Annotated photo localization data:
'''

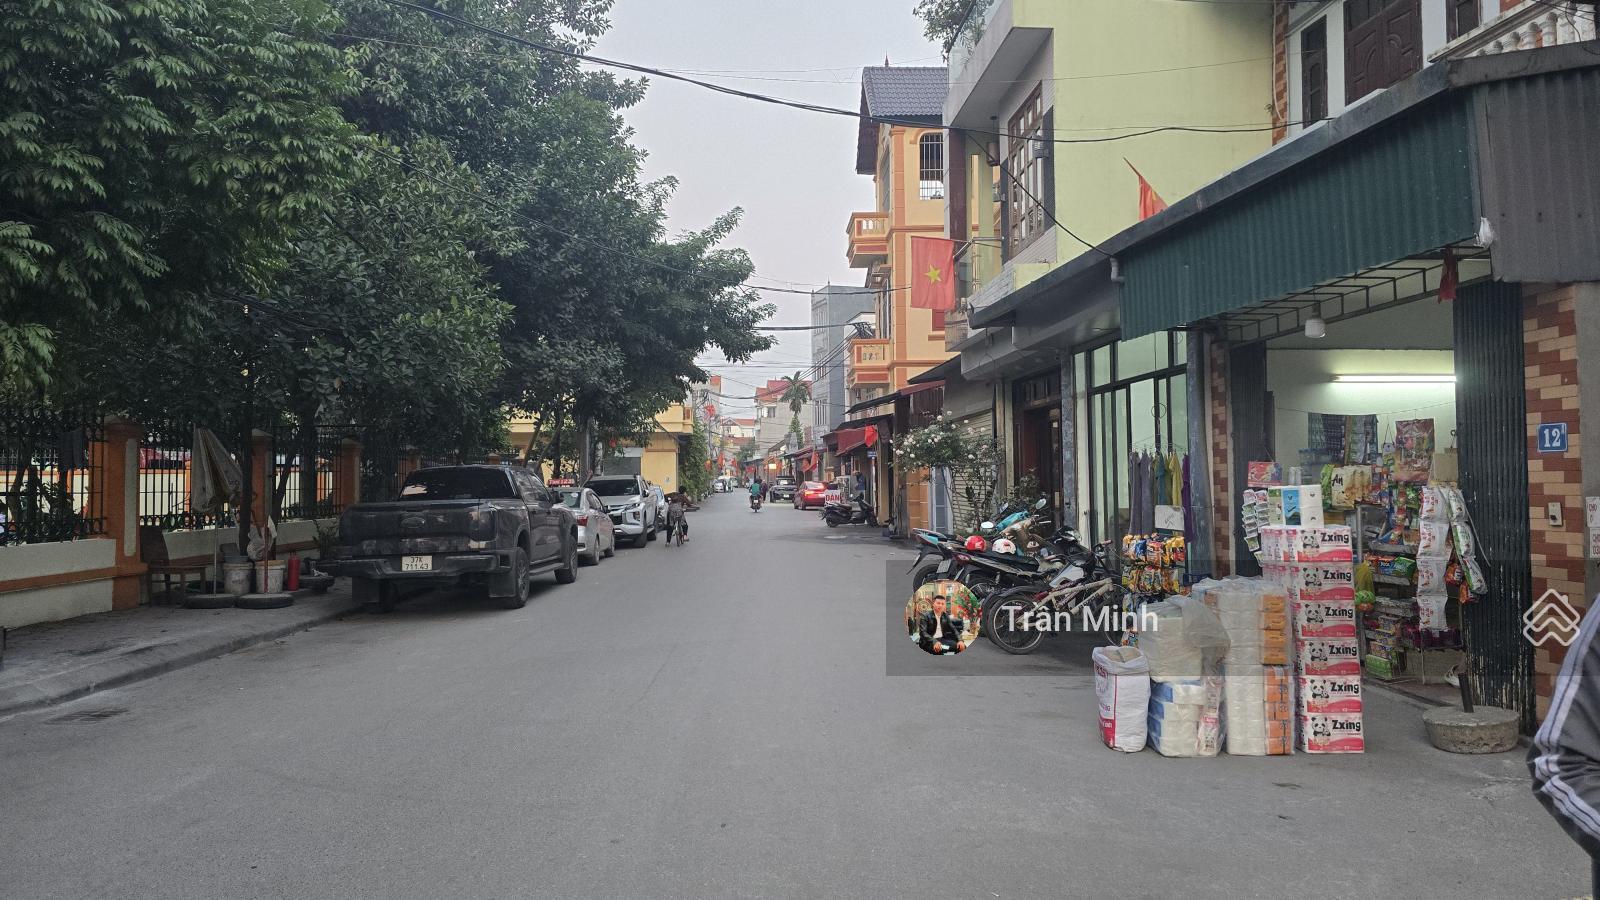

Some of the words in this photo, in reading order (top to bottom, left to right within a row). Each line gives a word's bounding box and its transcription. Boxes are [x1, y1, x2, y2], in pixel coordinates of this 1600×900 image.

[1543, 428, 1561, 448] 12
[1320, 532, 1350, 544] Zxing
[1323, 570, 1352, 583] Zxing
[1325, 606, 1354, 619] Zxing
[1328, 644, 1357, 658] Zxing
[1330, 681, 1360, 694] Zxing
[1331, 719, 1361, 731] Zxing

'''

#### [WHAT YOU WILL DO]
Print every entry above again without changing a word, and omit the pictures.

#### [SOLUTION]
Some of the words in this photo, in reading order (top to bottom, left to right within a row). Each line gives a word's bounding box and its transcription. Boxes are [x1, y1, x2, y2], in pixel coordinates of this 1600×900 image.

[1543, 428, 1561, 448] 12
[1320, 532, 1350, 544] Zxing
[1323, 570, 1352, 583] Zxing
[1325, 606, 1354, 619] Zxing
[1328, 644, 1357, 658] Zxing
[1330, 681, 1360, 694] Zxing
[1331, 719, 1361, 731] Zxing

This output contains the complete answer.